L’opera di Lucio Saffaro (triestino, vivente a Bologna, laureato in fisica pura) si svolge parallelamente, e con stretti rapporti di interrelazione, nell’area delle arti figurative (ricordiamo le metafìsiche geometrie delle tavole del Tractatus Logicus Prospecticus, quelle per il Polifilo del Colonna, le recenti mostre, del 77, a Bologna e a Milano), ed in quella delle arti del linguaggio, collocandosi in una singolare posizione nel panorama culturale contemporaneo: una posizione, cioè, insieme eccentrica e centrale, dal momento che il suo lavoro, mentre appare isolato e distaccato rispetto alle sperimentazioni ed alle prove delle più recenti avanguardie, risulta tuttavia motivato e strutturato dalle tensioni intellettuali che più profondamente percorrono e sommuovono, specie sul versante scientifico, la cultura novecentesca.

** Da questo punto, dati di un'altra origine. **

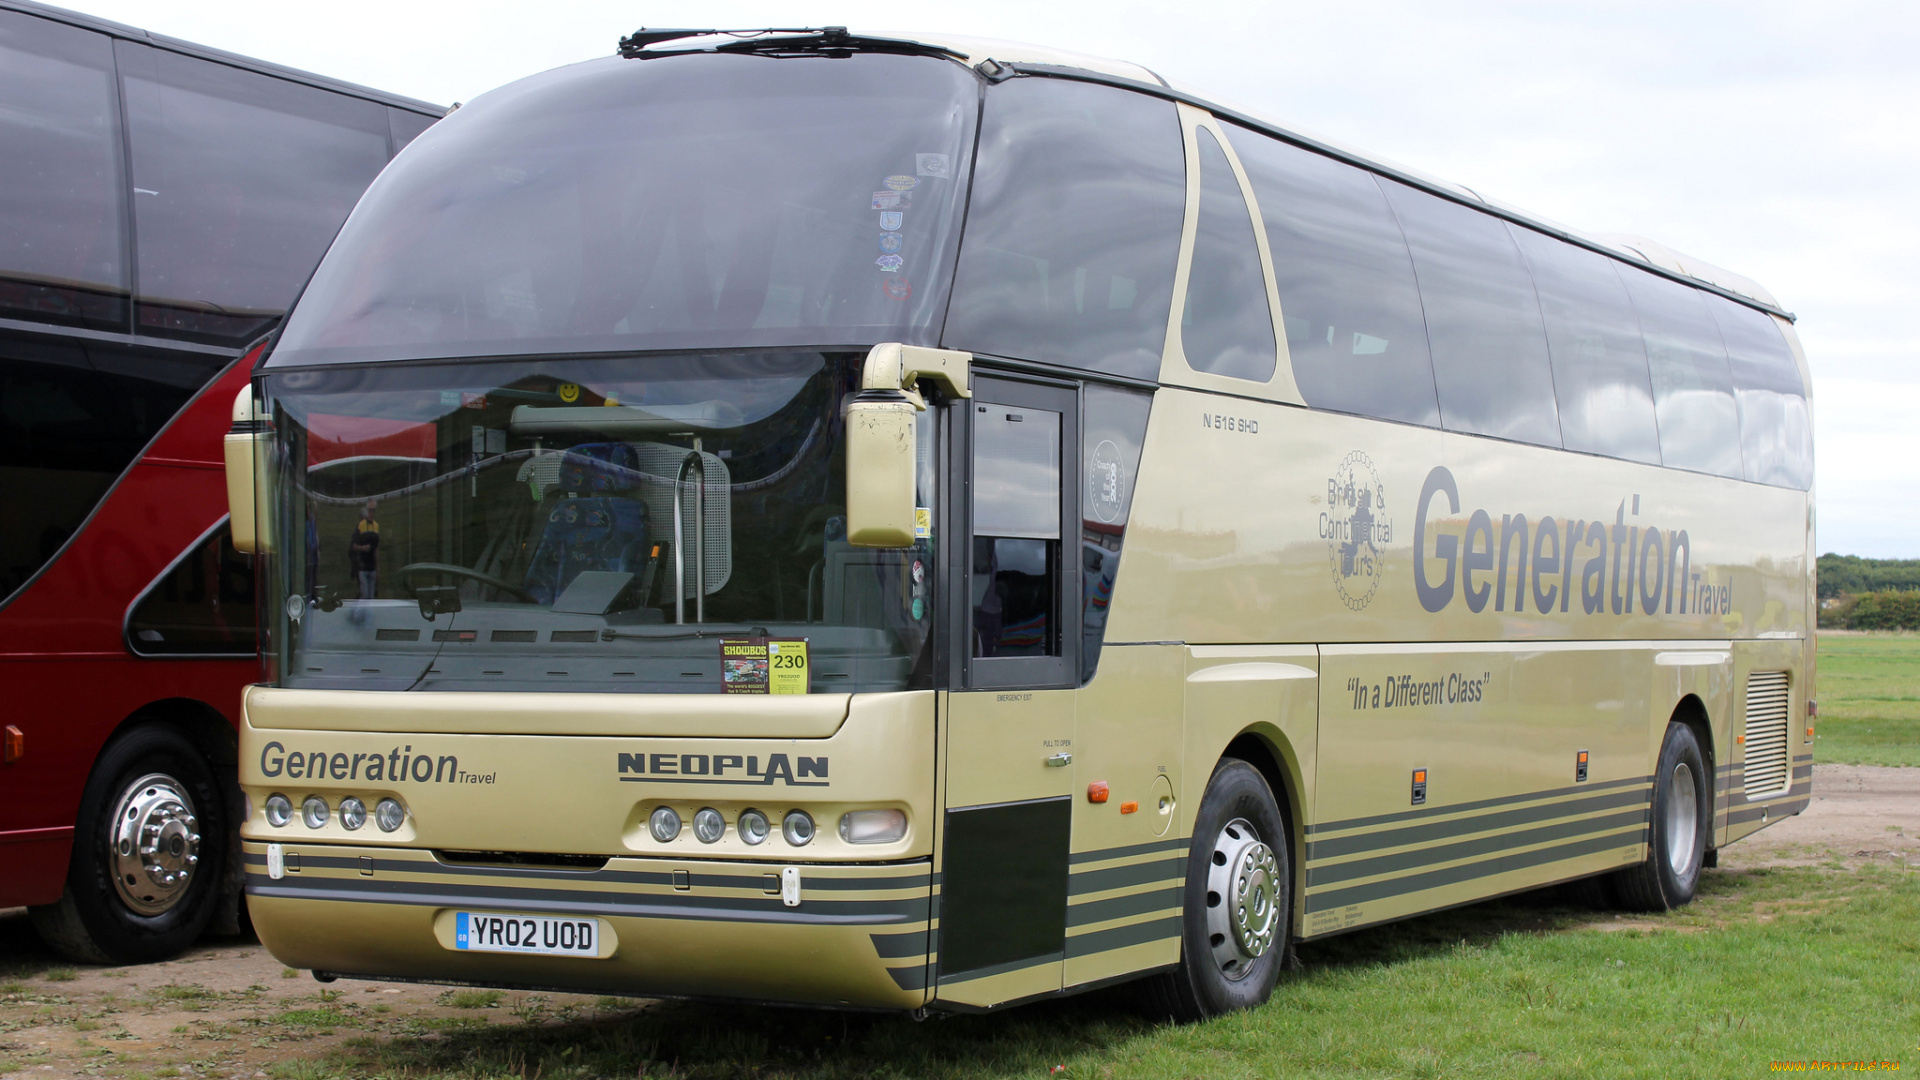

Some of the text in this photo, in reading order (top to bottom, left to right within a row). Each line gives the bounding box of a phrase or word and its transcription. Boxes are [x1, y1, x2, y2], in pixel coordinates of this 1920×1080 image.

La singolarità della scrittura di Saffaro è anzitutto riconoscibile nel suo porsi all’intersezione del modello-progetto scientifico con il modello-progetto letterario: luogo critico per eccellenza, dal momento che lì si scontrano e si confrontano due sistemi di funzioni diverse (opposte?) all’interno delle strutture concettuali e operative del linguaggio, del simbolo e della forma.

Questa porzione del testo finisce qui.